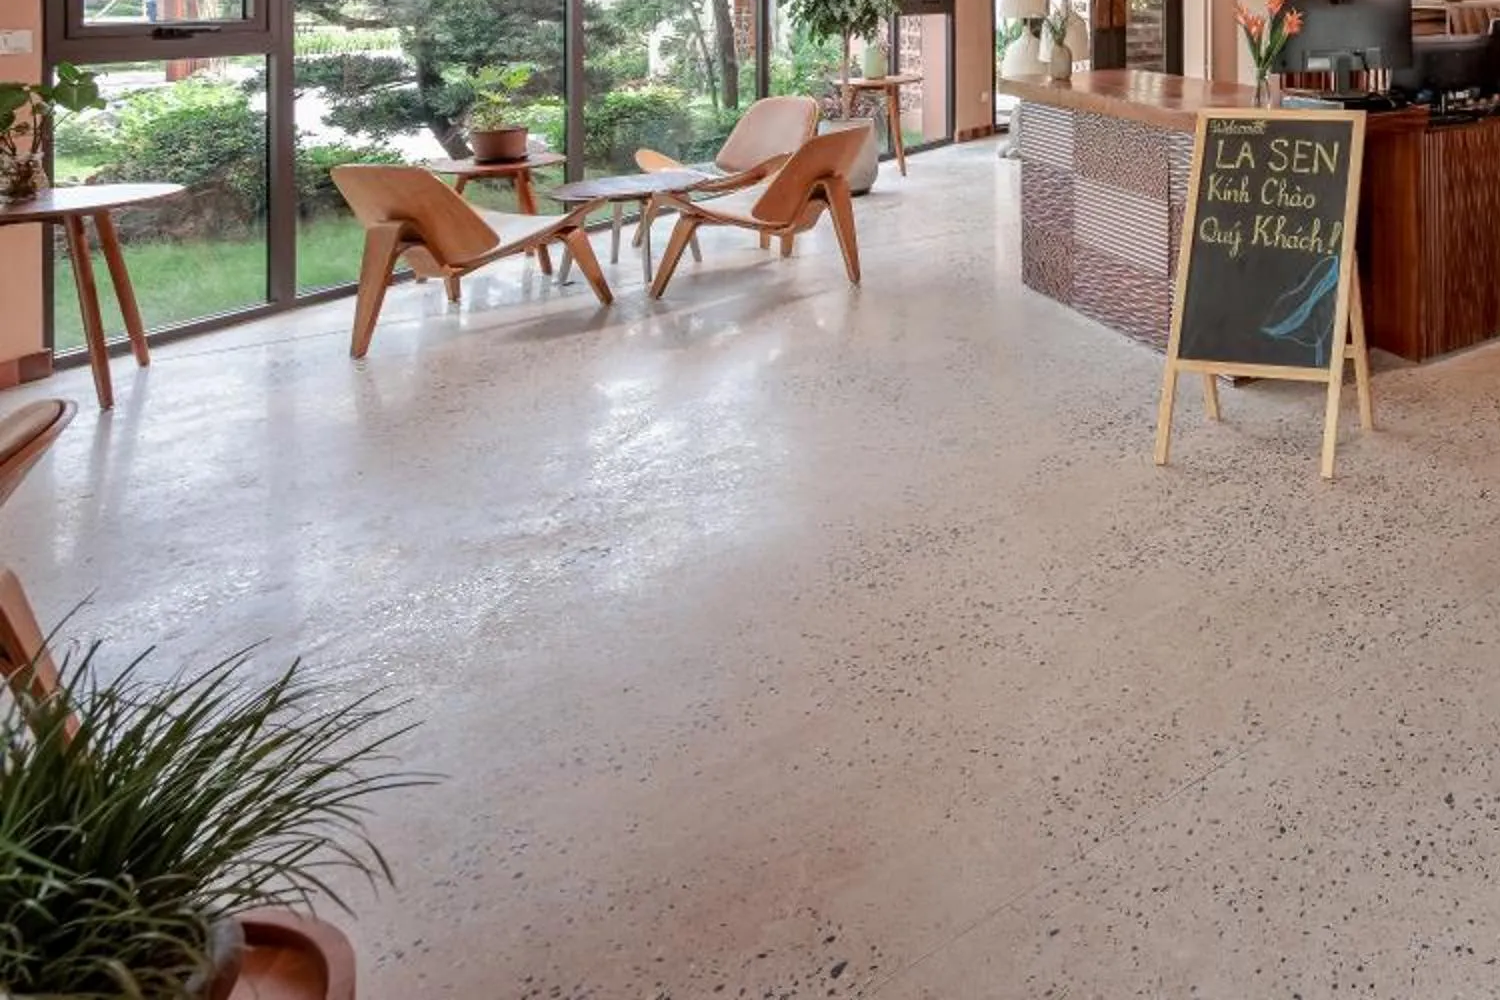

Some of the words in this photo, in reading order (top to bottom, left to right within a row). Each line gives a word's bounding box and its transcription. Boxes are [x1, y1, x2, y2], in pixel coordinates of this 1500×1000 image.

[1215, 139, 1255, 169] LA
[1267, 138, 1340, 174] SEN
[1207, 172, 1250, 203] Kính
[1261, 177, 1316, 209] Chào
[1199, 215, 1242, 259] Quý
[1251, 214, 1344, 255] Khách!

### Aim of the exercise
Once the pictures are set aside, reproduce the records in full and exactly.

### The answer
Some of the words in this photo, in reading order (top to bottom, left to right within a row). Each line gives a word's bounding box and its transcription. Boxes are [x1, y1, x2, y2], in pixel coordinates of this 1500×1000 image.

[1215, 139, 1255, 169] LA
[1267, 138, 1340, 174] SEN
[1207, 172, 1250, 203] Kính
[1261, 177, 1316, 209] Chào
[1199, 215, 1242, 259] Quý
[1251, 214, 1344, 255] Khách!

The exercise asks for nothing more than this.